» **What to do**:
Write the data out again exactly, with every picture removed.

··· Supplied data

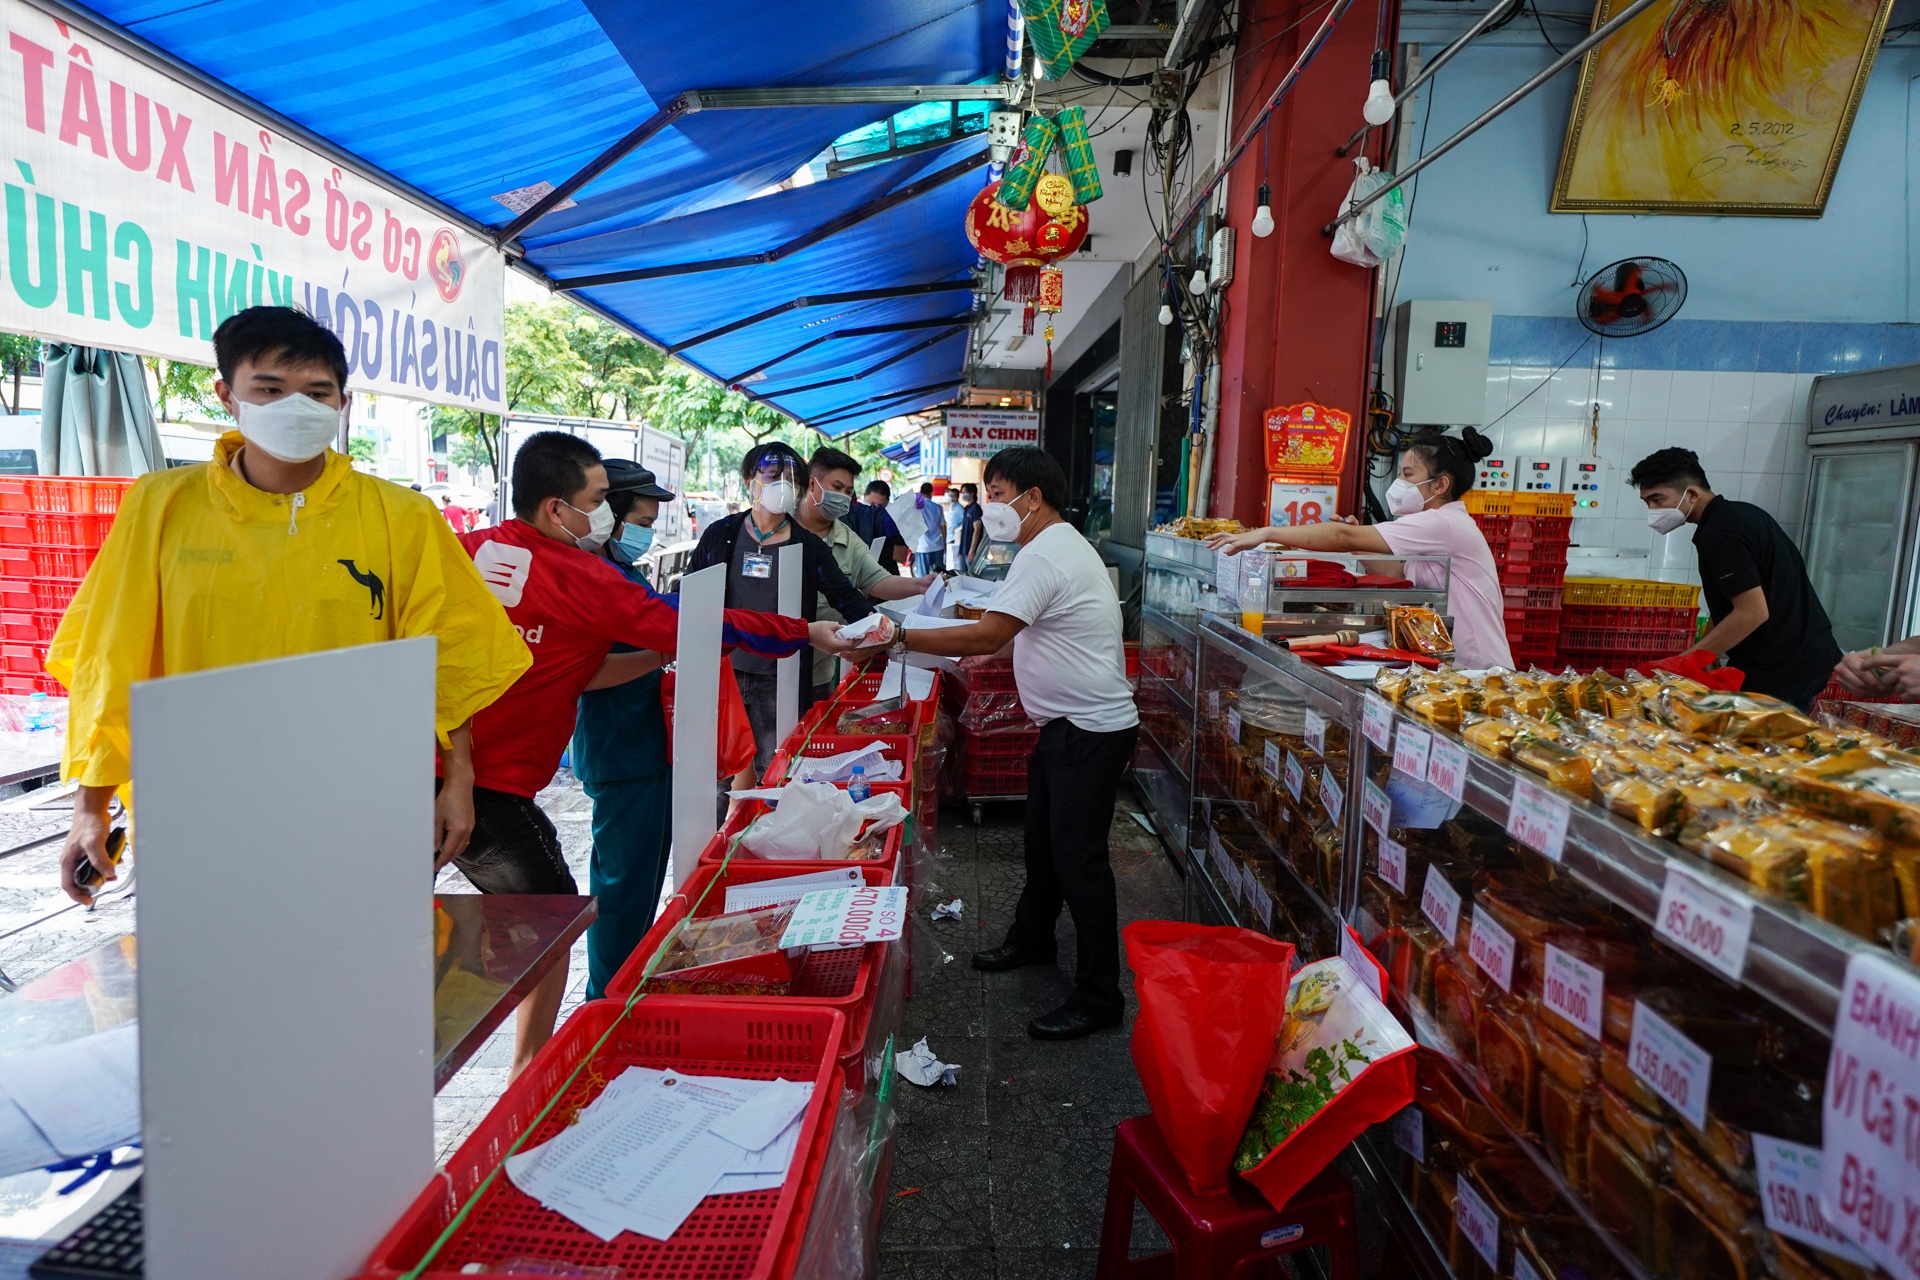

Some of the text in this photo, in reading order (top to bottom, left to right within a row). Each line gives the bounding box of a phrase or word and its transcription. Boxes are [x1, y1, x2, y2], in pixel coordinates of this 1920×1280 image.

[950, 426, 1038, 441] LAN CHINH
[1824, 402, 1881, 426] Chuyên:
[1284, 501, 1322, 527] 18
[1512, 815, 1547, 852] 85.000
[839, 887, 880, 942] 470.000đ
[876, 928, 898, 938] 4
[1666, 900, 1725, 957] 85.000
[1472, 932, 1503, 978] 100.000
[1546, 975, 1588, 1025] 100.000
[1635, 1040, 1690, 1107] 135.000

······

» **Task response**:
Some of the text in this photo, in reading order (top to bottom, left to right within a row). Each line gives the bounding box of a phrase or word and its transcription. Boxes are [x1, y1, x2, y2], in pixel coordinates of this 1920×1280 image.

[950, 426, 1038, 441] LAN CHINH
[1824, 402, 1881, 426] Chuyên:
[1284, 501, 1322, 527] 18
[1512, 815, 1547, 852] 85.000
[839, 887, 880, 942] 470.000đ
[876, 928, 898, 938] 4
[1666, 900, 1725, 957] 85.000
[1472, 932, 1503, 978] 100.000
[1546, 975, 1588, 1025] 100.000
[1635, 1040, 1690, 1107] 135.000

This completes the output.